How are Equations for Different Series Generated?

[AdityaDev]

Given series:1,2,5,12,25...

How did they get :$T_n=a(n-1)(n-2)(n-3)+b(n-1)(n-2)+c(n-1)+d$

And for series like 3,7,13,21,...
they have given $T_n=an^2+bn+c$

How do you get these equations?

 

[Mark44]

Given series:1,2,5,12,25...
View attachment 80673
How did they get :$T_n=a(n-1)(n-2)(n-3)+b(n-1)(n-2)+c(n-1)+d$

And for series like 3,7,13,21,...

Based on the image, this should be 1, 3, 7, 13, 21, ...

they have given $T_n=an^2+bn+c$

How do you get these equations?

If the first consecutive differences happened to all be the same constant, the solution would have been a linear (first-degree) polynomial. If the second differences turned out to be a constant (as in the sequence 1, 3, 7, 13, 21, ...), the solution would be a quadratic (second-degree) polynomial, which you could write as T_n = a(n - 1)(n - 2) + b(n - 1) + c.

In your problem, which involves the sequence 1, 2, 5, 12, 25, 46, ... the third differences are all 2, so the solution will be a cubic (third-degree) polynomial, which they write as $T_n = a(n - 1)(n - 2)(n - 3) + b(n - 1)(n - 2) + c(n - 1) + d$
What they do after this is to solve for the coefficients a, b, c, and d, noting that T₁ = 1, T₂ = 2, T₃ = 5, and T₄ = 12. IOW, T_n is just the n^th term in the sequence.

As an aside, 1, 3, 7, 13, 21, ... is a sequence of numbers, not a series.
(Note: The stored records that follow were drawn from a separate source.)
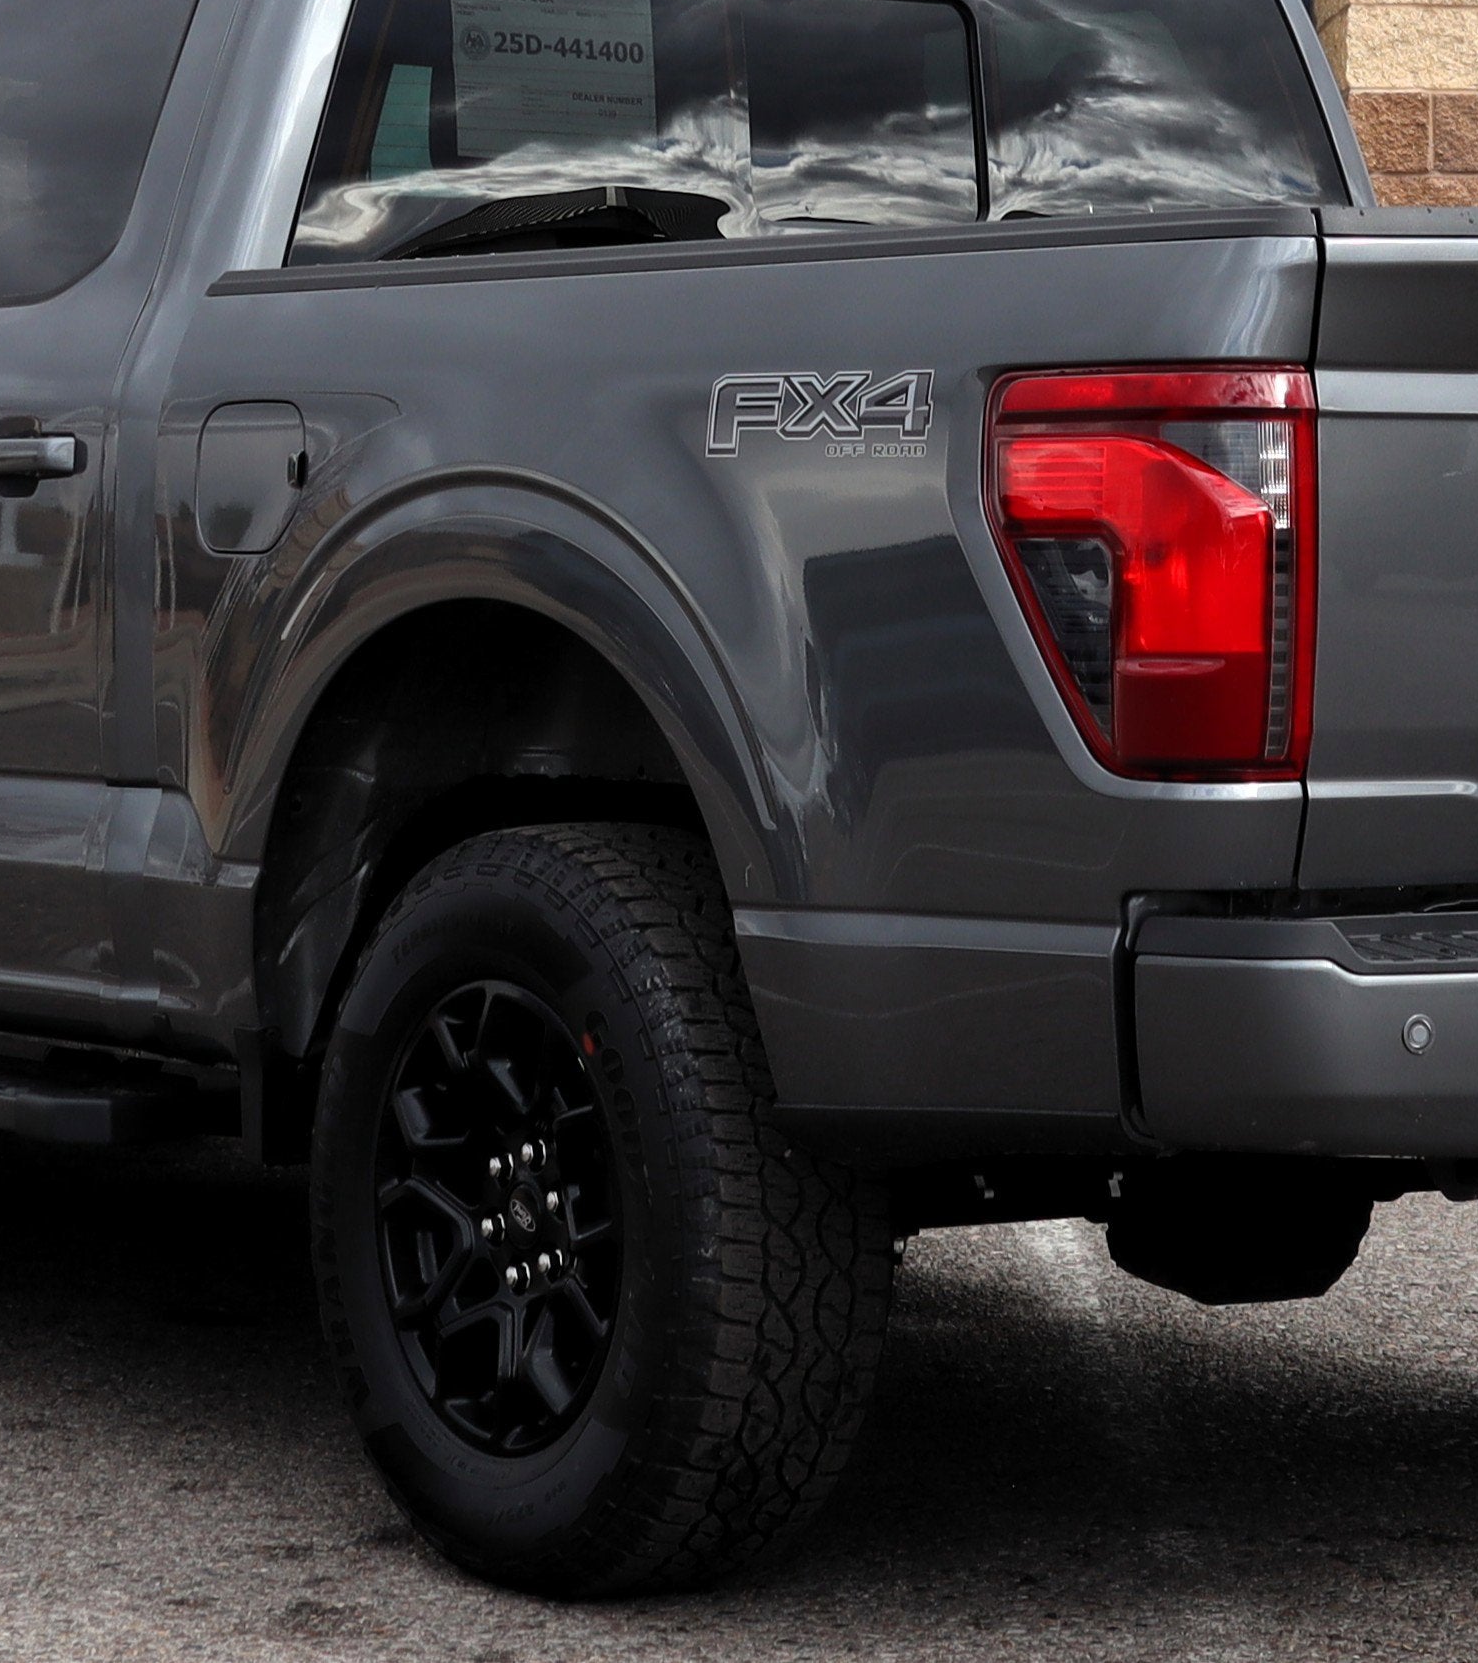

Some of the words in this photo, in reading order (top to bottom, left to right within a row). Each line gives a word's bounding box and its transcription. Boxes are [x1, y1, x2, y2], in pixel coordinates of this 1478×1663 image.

[493, 31, 645, 65] 25D-441400
[571, 91, 605, 104] DEALER
[606, 93, 643, 106] NUMBER
[705, 368, 935, 458] FX4
[824, 443, 866, 458] OFF
[871, 443, 926, 458] ROAD
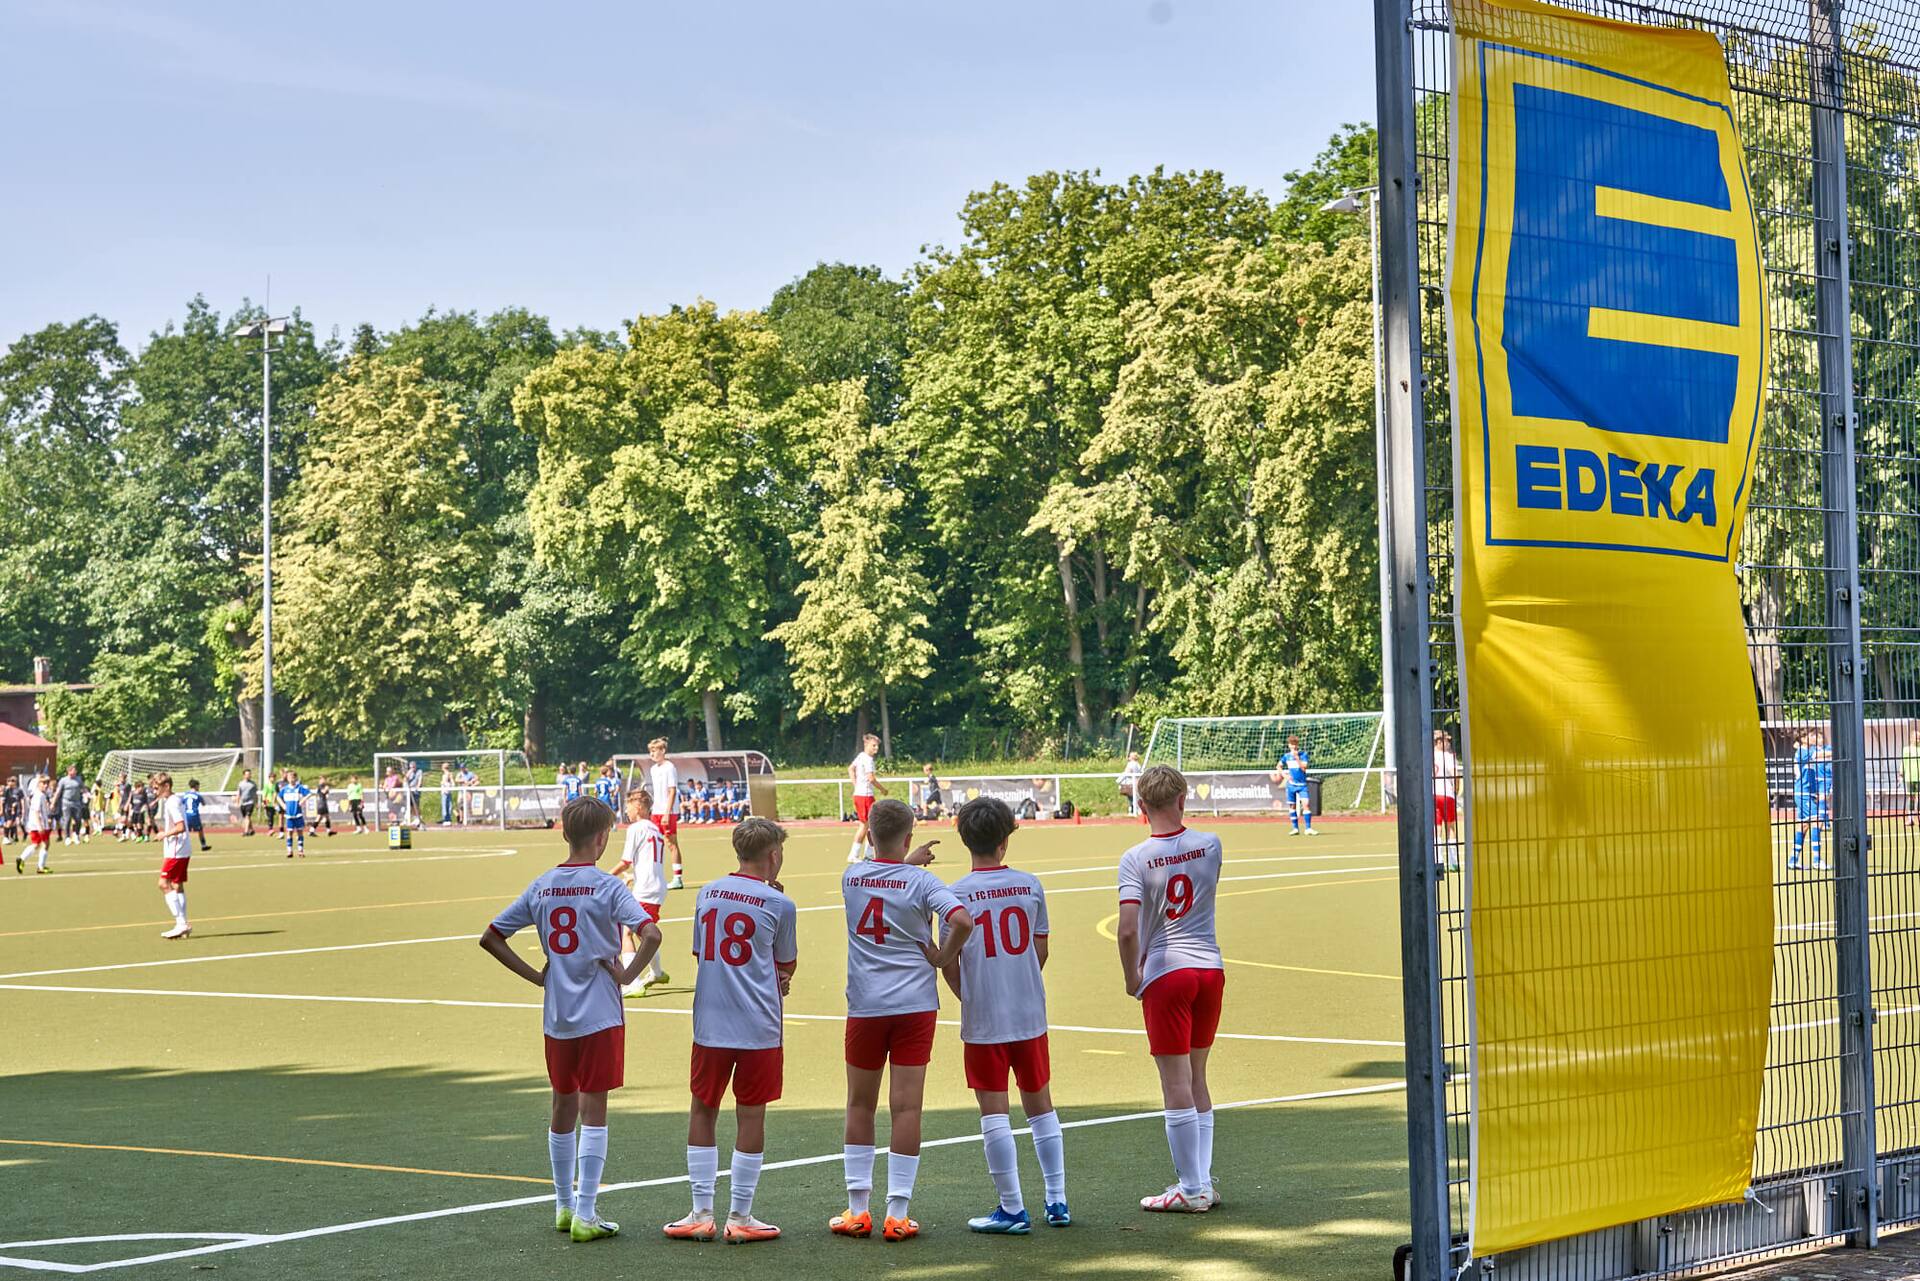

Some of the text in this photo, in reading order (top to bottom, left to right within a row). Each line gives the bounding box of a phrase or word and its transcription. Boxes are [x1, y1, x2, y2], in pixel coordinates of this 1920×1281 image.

[1515, 444, 1717, 527] EDEKA
[647, 835, 665, 864] 17
[1154, 857, 1165, 868] FC
[1165, 848, 1206, 866] FRANKFURT
[542, 888, 551, 897] FC
[551, 886, 596, 897] FRANKFURT
[709, 889, 719, 899] FC
[719, 890, 767, 908] FRANKFURT
[850, 877, 860, 887] FC
[860, 877, 908, 889] FRANKFURT
[968, 886, 1031, 902] 1. FC FRANKFURT
[1165, 873, 1194, 921] 9
[548, 906, 579, 955] 8
[701, 907, 757, 967] 18
[856, 896, 891, 945] 4
[974, 905, 1030, 959] 10
In a series, all the numbers are added together to produce a sum.

I'm pretty rusty on this stuff, as it has been many years since I did anything with difference equations. Nevertheless, I was able to get the coefficients a, b, c, and d, and was able to get the correct value for T₅, so I think I'm on the right track.

 

[AdityaDev]

Why is it T_n=a(n-1)(n-2).. why not $T_n=a(n-4)(n-8)+b(n-25)+c$

 

[Mentallic]

If you ignore the way they've expressed it for the moment, you can still agree that it's a cubic, correct? It could just as easily be expanded and turned into the general cubic form
$$T_n=An^3+Bn^2+Cn+D$$
where A,B,C,D are likely going to be different constants to a,b,c,d but equate to the same cubic.
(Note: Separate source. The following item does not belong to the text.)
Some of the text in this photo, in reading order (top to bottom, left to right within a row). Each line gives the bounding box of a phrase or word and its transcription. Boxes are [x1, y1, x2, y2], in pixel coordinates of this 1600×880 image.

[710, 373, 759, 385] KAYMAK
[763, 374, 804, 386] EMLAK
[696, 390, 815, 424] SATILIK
Now, why was that particular form chosen?

Well, picking n=1 gives us $T_1=a(1-1)(1-2)(1-3)+b(1-1)(1-2)+c(1-1)+d$. Now, notice that any (n-1) factor gives us 0, hence we end up with $T_1=a*0+b*0+c*0+d=d$ so with this form, we can easily find d, as opposed to having the general cubic with coefficients A,B,C,D that I had shown above. In that case, $T_1=A+B+C+D$ and we're hardly any closer to finding the solution.
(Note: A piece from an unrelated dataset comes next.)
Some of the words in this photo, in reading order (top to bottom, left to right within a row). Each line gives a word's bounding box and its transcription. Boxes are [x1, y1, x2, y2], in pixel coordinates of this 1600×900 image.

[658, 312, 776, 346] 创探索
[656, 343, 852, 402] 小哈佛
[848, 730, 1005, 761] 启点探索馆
So, we have $T_1=d=1$ and we've already knocked one of the coefficients out of the way. $T_2$ turns out to give us a constant as well by following a similar idea.
$$T_2=a(2-1)(2-2)(2-3)+b(2-1)(2-2)+c(2-1)+d$$
and again, notice that (n-2) factors would equal zero, hence we end up with $T_2=a*0+b*0+c+d=c+d$. But we already found d=1, so $T_2=c+1=2$ hence $c=1$. For n=3, you'll end up with just b,c,d and can solve for b easily since you know c,d.

 

[AdityaDev]

Thank you @Mentallic

 

[Mentallic]

Thank you @Mentallic

You're welcome, and good luck with your studies!